• **PROBLEM TO WORK ON**
Copy out each line of the material exactly. Pictures do not belong in the copy.

• **DATA SHOWN**

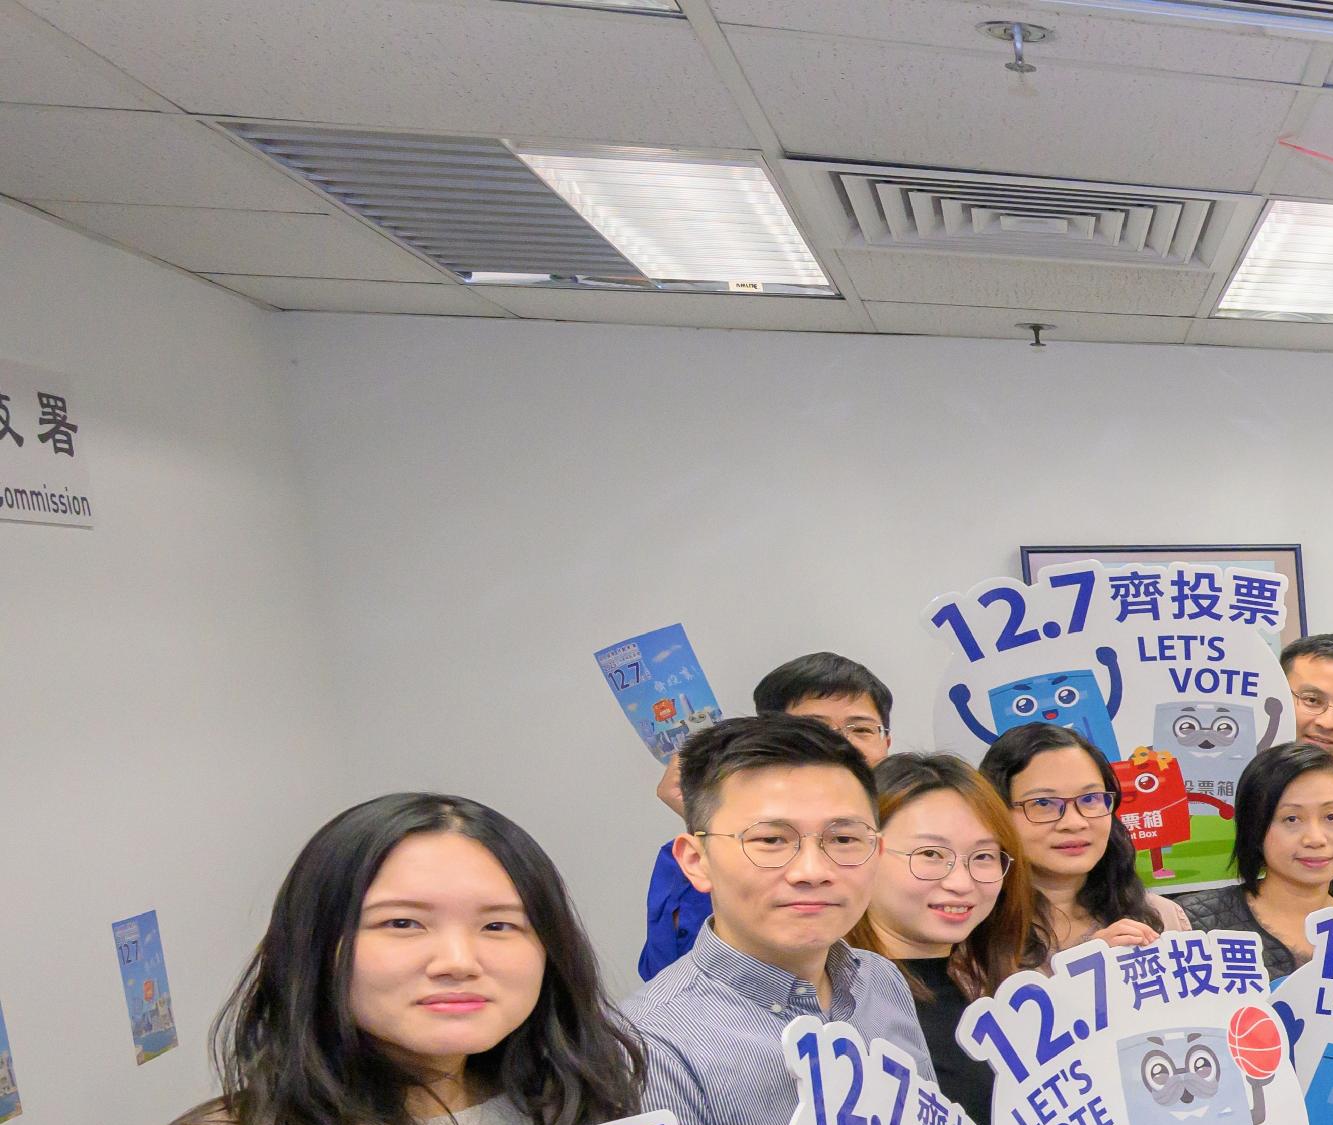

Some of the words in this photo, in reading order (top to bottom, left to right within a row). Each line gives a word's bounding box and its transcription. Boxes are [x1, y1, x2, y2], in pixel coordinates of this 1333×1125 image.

[0, 484, 91, 516] ommission
[931, 571, 1096, 663] 12.7
[1108, 570, 1281, 627] 齊投票
[1137, 635, 1225, 662] LET'S
[1168, 667, 1259, 697] VOTE
[1139, 830, 1157, 840] Box
[971, 953, 1109, 1084] 12.7
[1116, 938, 1264, 1011] 齊投票
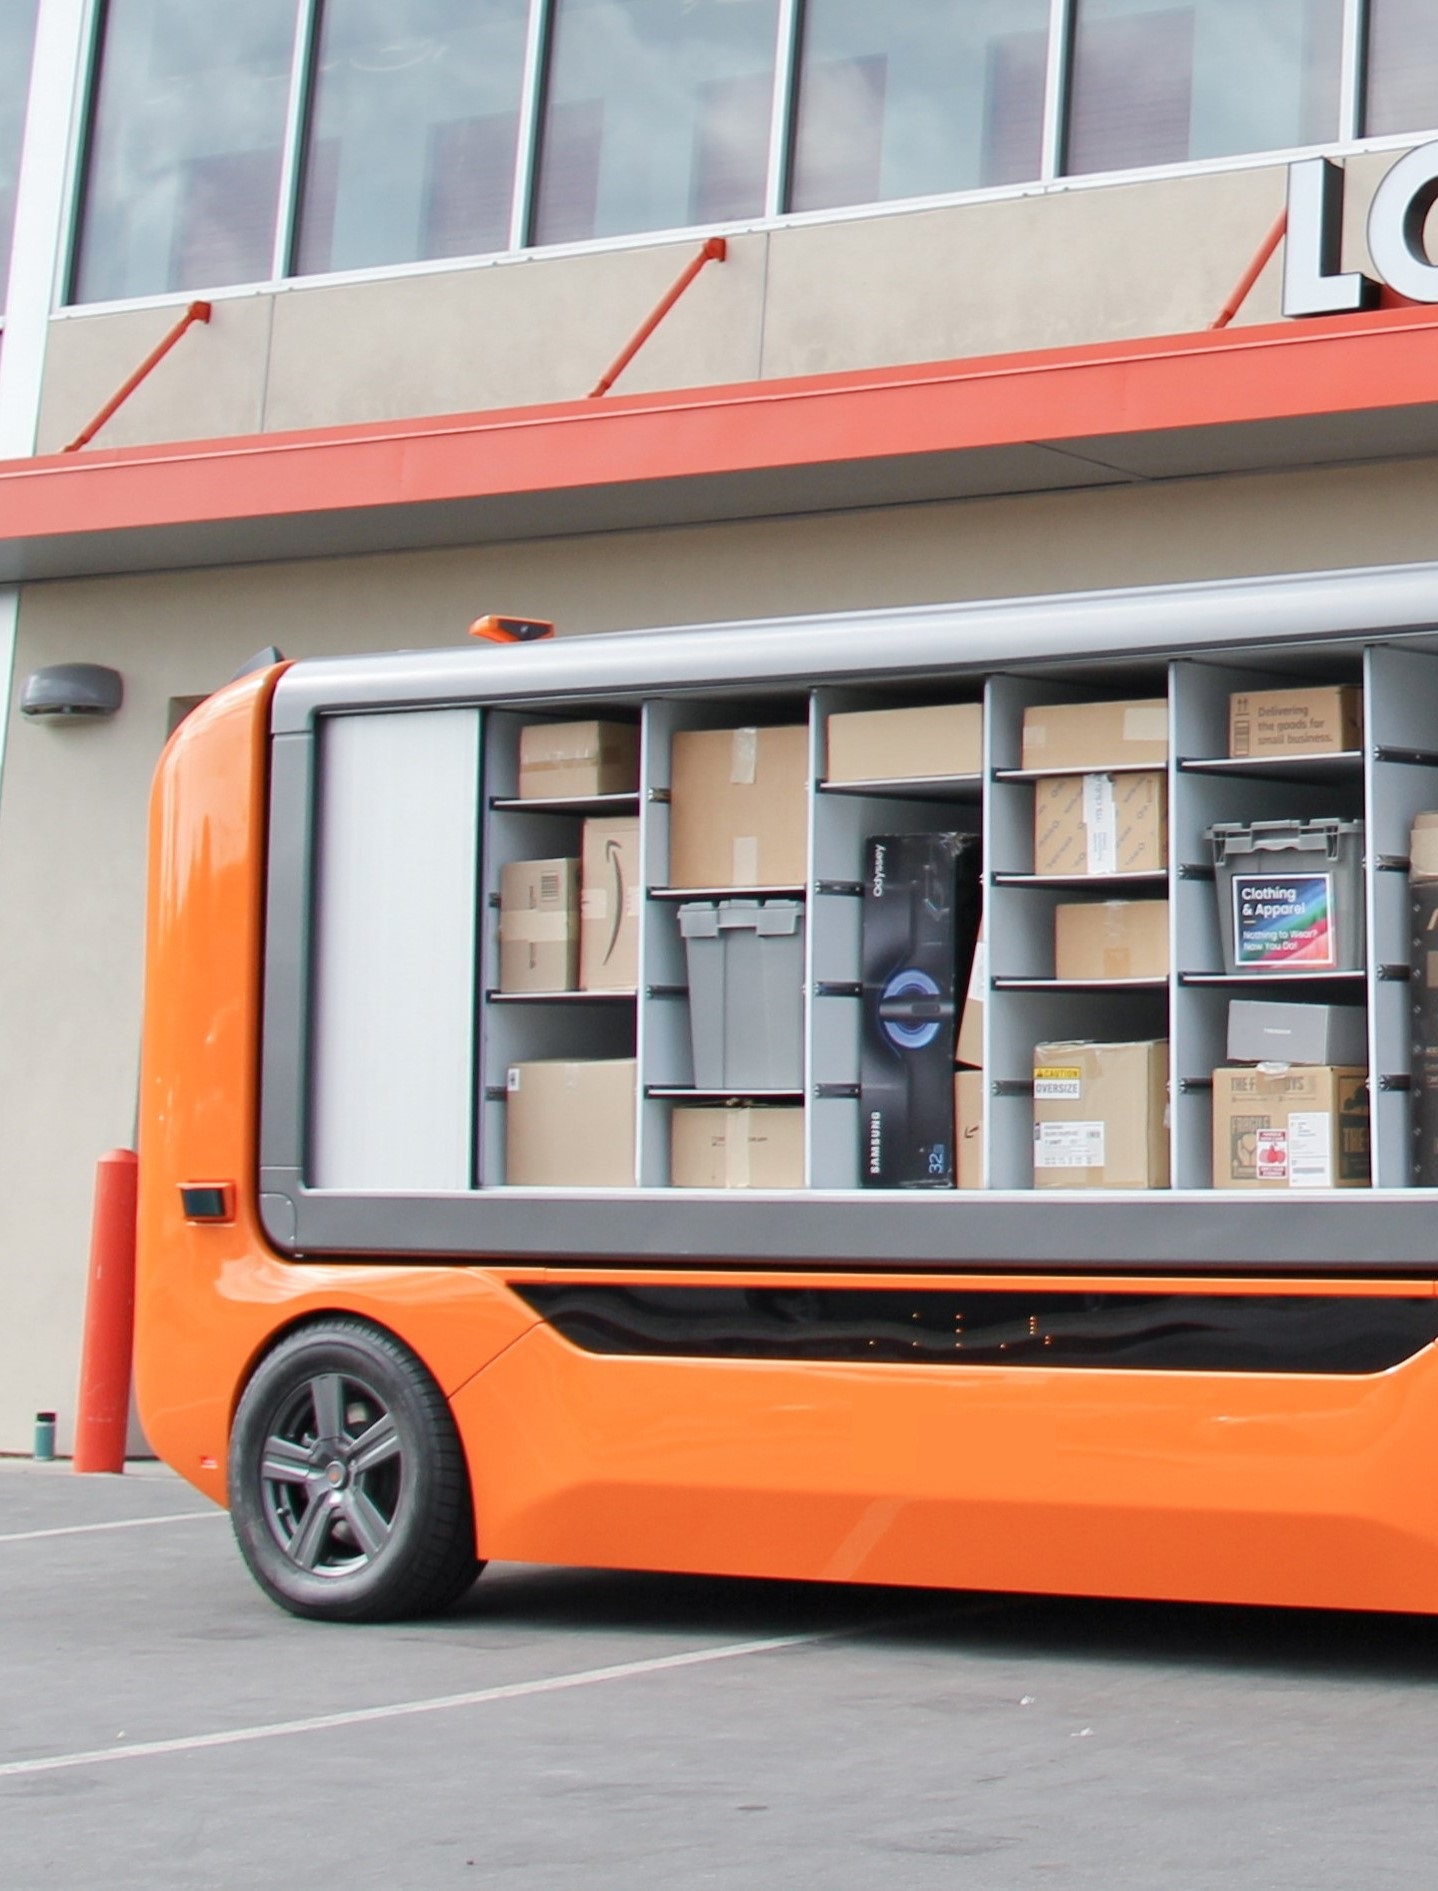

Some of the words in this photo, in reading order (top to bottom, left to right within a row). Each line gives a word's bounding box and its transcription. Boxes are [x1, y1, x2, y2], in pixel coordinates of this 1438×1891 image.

[1258, 706, 1308, 717] Delivering
[1258, 721, 1274, 731] the
[1277, 720, 1308, 732] goods
[1310, 718, 1325, 729] for
[1258, 735, 1285, 745] small
[873, 843, 886, 897] Odyssey
[1241, 886, 1297, 903] Clothing
[1242, 903, 1253, 916] &
[1255, 902, 1306, 918] Apparel
[1243, 931, 1278, 941] Nothing
[1279, 930, 1289, 939] to
[1290, 929, 1319, 939] Wear?
[1243, 942, 1263, 951] Now
[1265, 942, 1281, 951] You
[1036, 1083, 1078, 1094] OVERSIZE
[870, 1111, 881, 1174] SAMSUNG
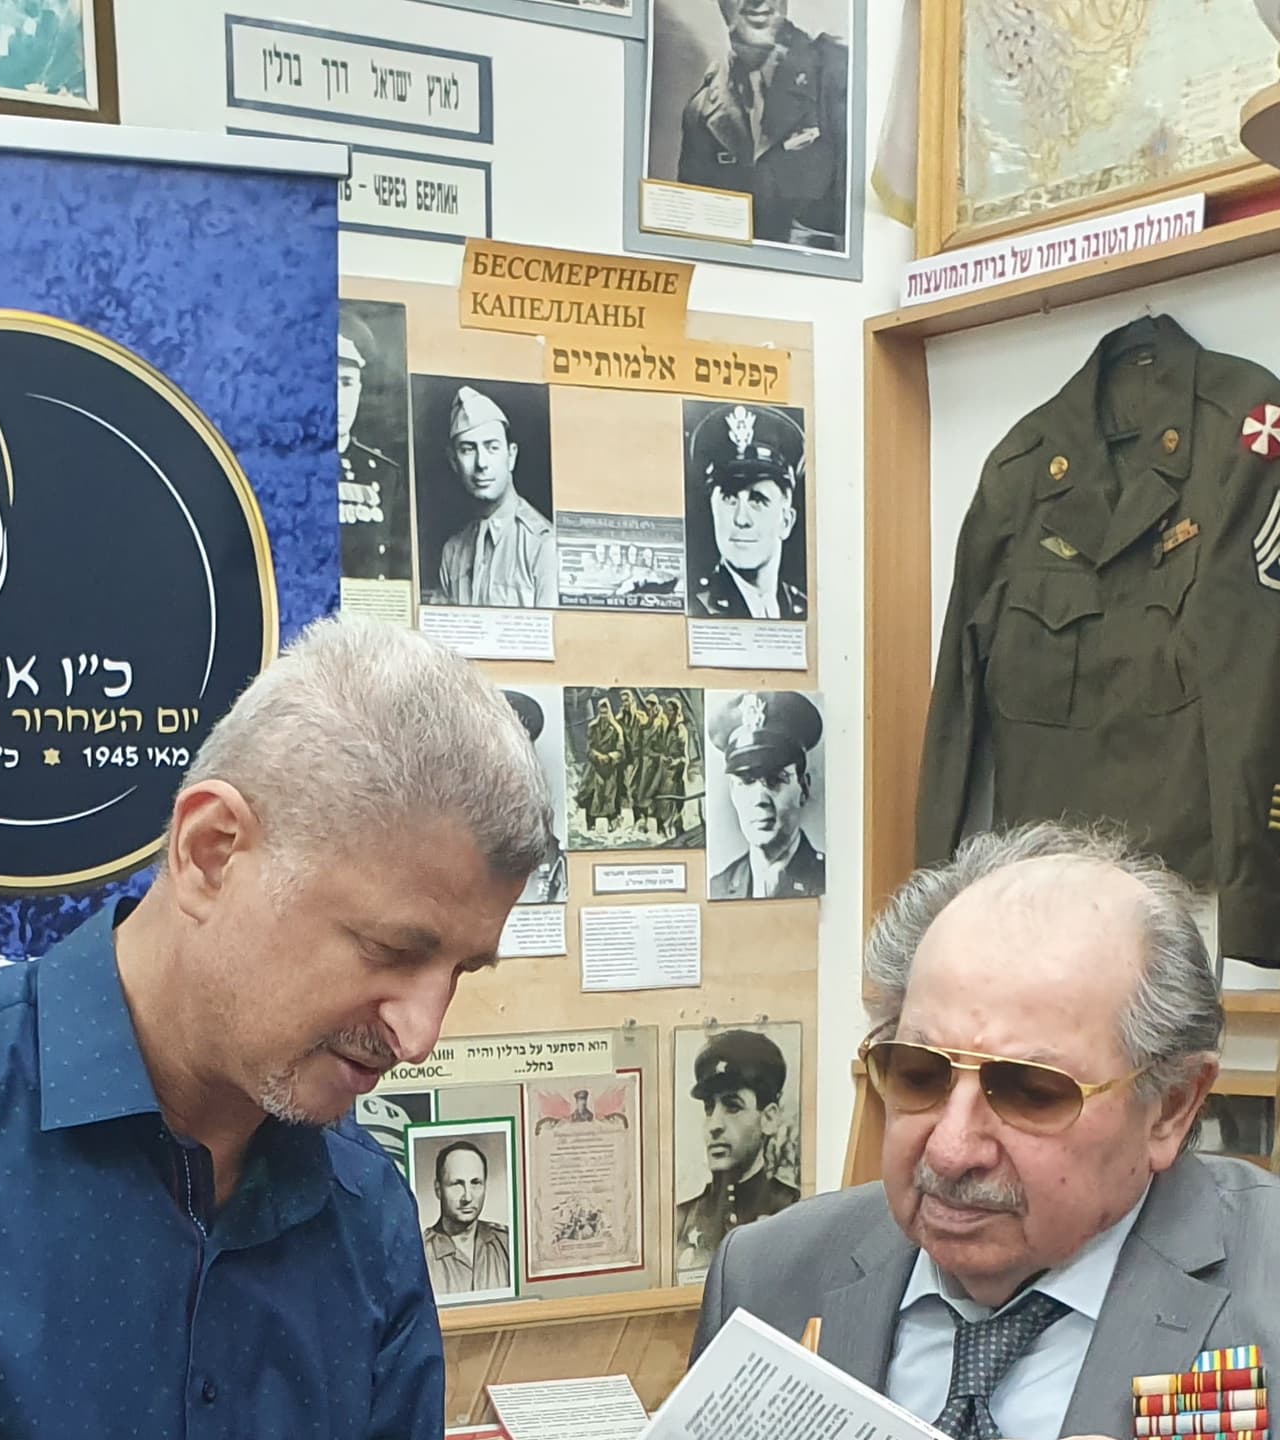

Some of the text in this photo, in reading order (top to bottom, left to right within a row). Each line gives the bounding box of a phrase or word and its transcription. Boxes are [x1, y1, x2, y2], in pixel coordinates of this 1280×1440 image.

[262, 43, 460, 116] לארץ ישראל דרך ברלין
[373, 174, 407, 209] ЧЕРЕЗ
[416, 179, 458, 215] БЕРЛИН
[471, 251, 680, 295] БЕССМЕРТНЫЕ
[972, 254, 1006, 284] ברית
[1011, 245, 1033, 274] של
[907, 261, 968, 299] המועצות
[471, 291, 646, 329] КАПЕЛЛАНЫ
[553, 344, 779, 396] קפלנים אלמותיים
[12, 706, 144, 735] השחרור
[158, 706, 200, 735] יום
[82, 745, 139, 768] 1945
[467, 1040, 609, 1059] הוא הסתער על ברלין והיה
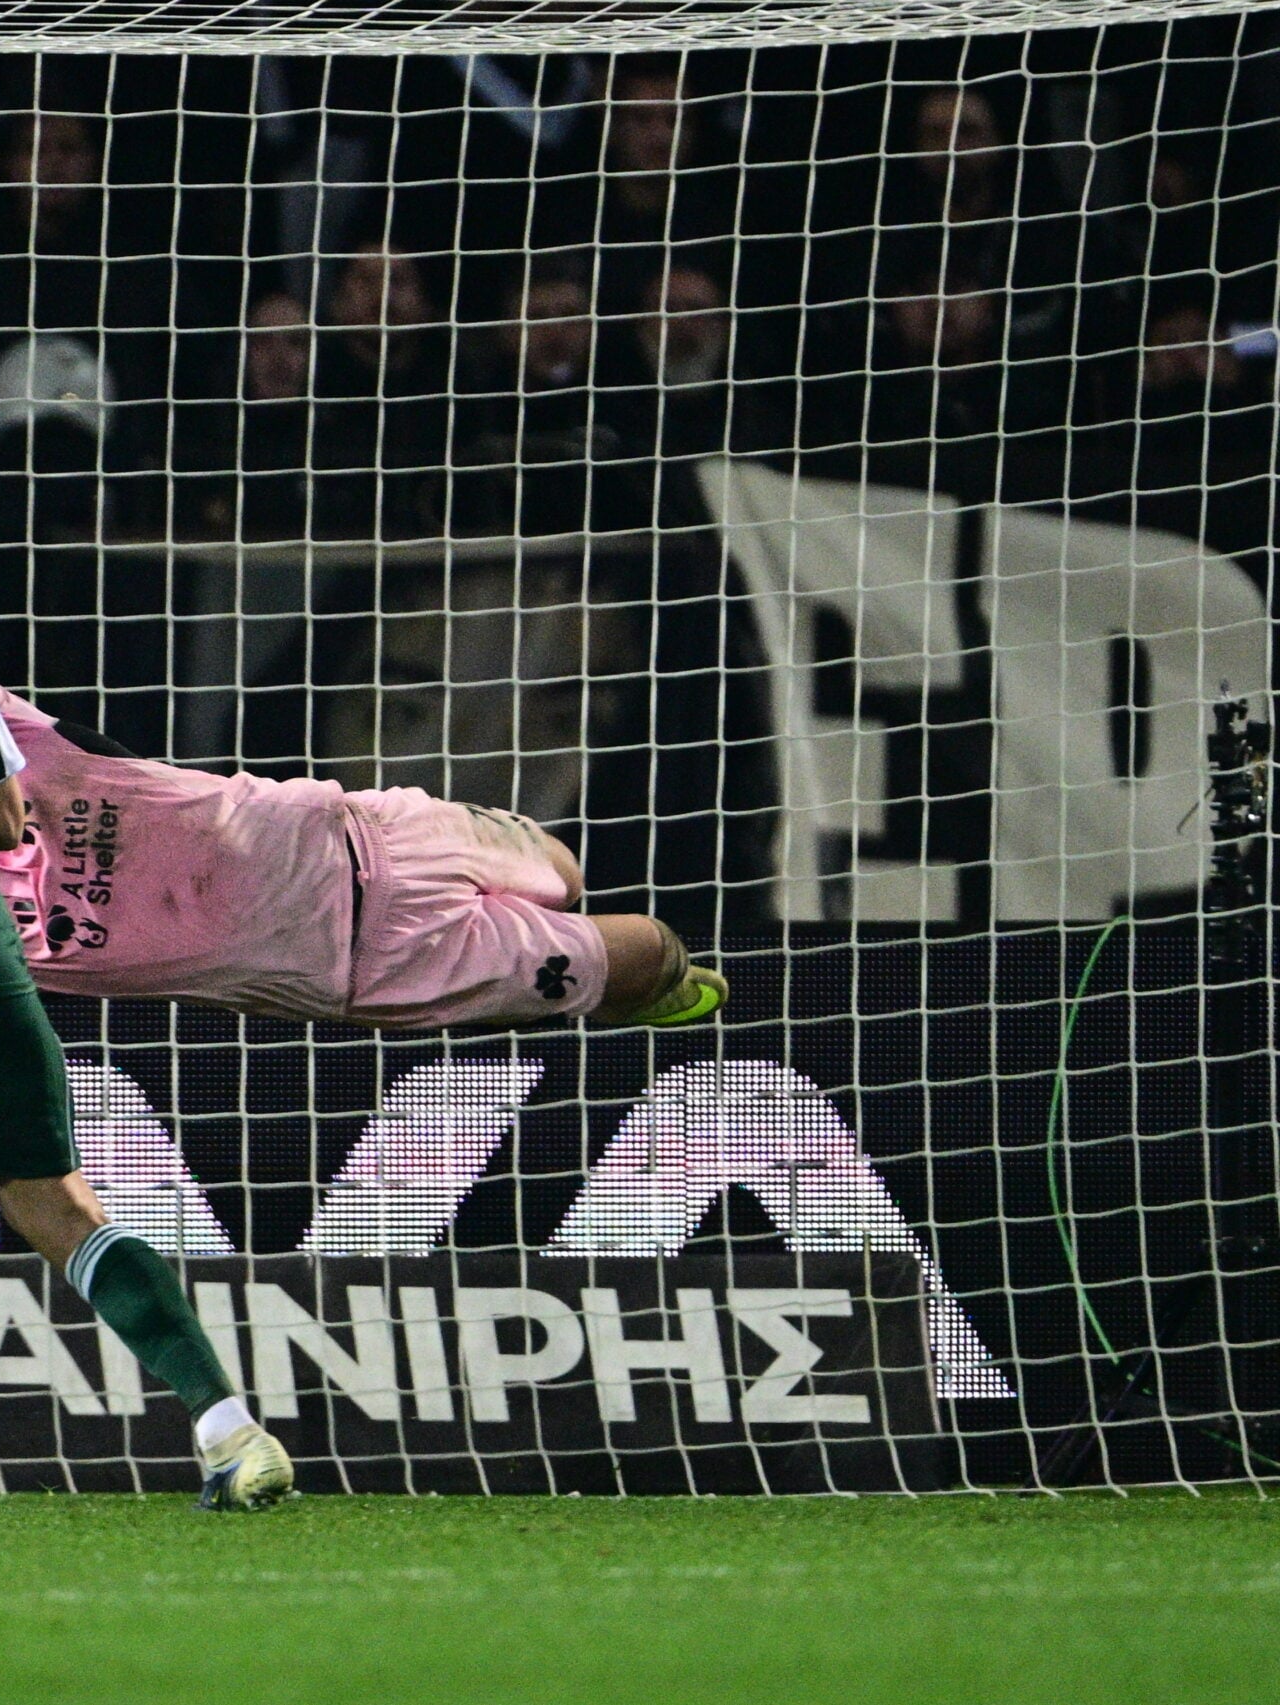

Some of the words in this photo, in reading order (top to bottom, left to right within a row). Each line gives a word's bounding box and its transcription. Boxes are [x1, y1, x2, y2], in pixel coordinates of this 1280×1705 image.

• **COMPLETED EXERCISE**
Some of the words in this photo, in reading order (top to bottom, left to right within a row). Each line gives a word's bounding box and its transcription. Boxes are [x1, y1, x2, y2], in pixel coordinates of this 1333×1125 image.

[0, 484, 91, 516] ommission
[931, 571, 1096, 663] 12.7
[1108, 570, 1281, 627] 齊投票
[1137, 635, 1225, 662] LET'S
[1168, 667, 1259, 697] VOTE
[1139, 830, 1157, 840] Box
[971, 953, 1109, 1084] 12.7
[1116, 938, 1264, 1011] 齊投票

Some of the words in this photo, in reading order (top to bottom, left to right within a row). Each line gives a word's bounding box and its transcription. Boxes are [x1, y1, x2, y2], in pixel coordinates of this 1438×1891 image.

[1258, 706, 1308, 717] Delivering
[1258, 721, 1274, 731] the
[1277, 720, 1308, 732] goods
[1310, 718, 1325, 729] for
[1258, 735, 1285, 745] small
[873, 843, 886, 897] Odyssey
[1241, 886, 1297, 903] Clothing
[1242, 903, 1253, 916] &
[1255, 902, 1306, 918] Apparel
[1243, 931, 1278, 941] Nothing
[1279, 930, 1289, 939] to
[1290, 929, 1319, 939] Wear?
[1243, 942, 1263, 951] Now
[1265, 942, 1281, 951] You
[1036, 1083, 1078, 1094] OVERSIZE
[870, 1111, 881, 1174] SAMSUNG

Some of the text in this photo, in reading order (top to bottom, left to right within a row). Each line gives the bounding box of a phrase or word and its transcription. Boxes are [x1, y1, x2, y2], in pixel coordinates of this 1280×1440 image.

[262, 43, 460, 116] לארץ ישראל דרך ברלין
[373, 174, 407, 209] ЧЕРЕЗ
[416, 179, 458, 215] БЕРЛИН
[471, 251, 680, 295] БЕССМЕРТНЫЕ
[972, 254, 1006, 284] ברית
[1011, 245, 1033, 274] של
[907, 261, 968, 299] המועצות
[471, 291, 646, 329] КАПЕЛЛАНЫ
[553, 344, 779, 396] קפלנים אלמותיים
[12, 706, 144, 735] השחרור
[158, 706, 200, 735] יום
[82, 745, 139, 768] 1945
[467, 1040, 609, 1059] הוא הסתער על ברלין והיה

Some of the words in this photo, in reading order (top to bottom, left to right within a row). Each line gives a word's bounding box and its transcription. Boxes are [x1, y1, x2, y2], in pixel coordinates of this 1280×1705 image.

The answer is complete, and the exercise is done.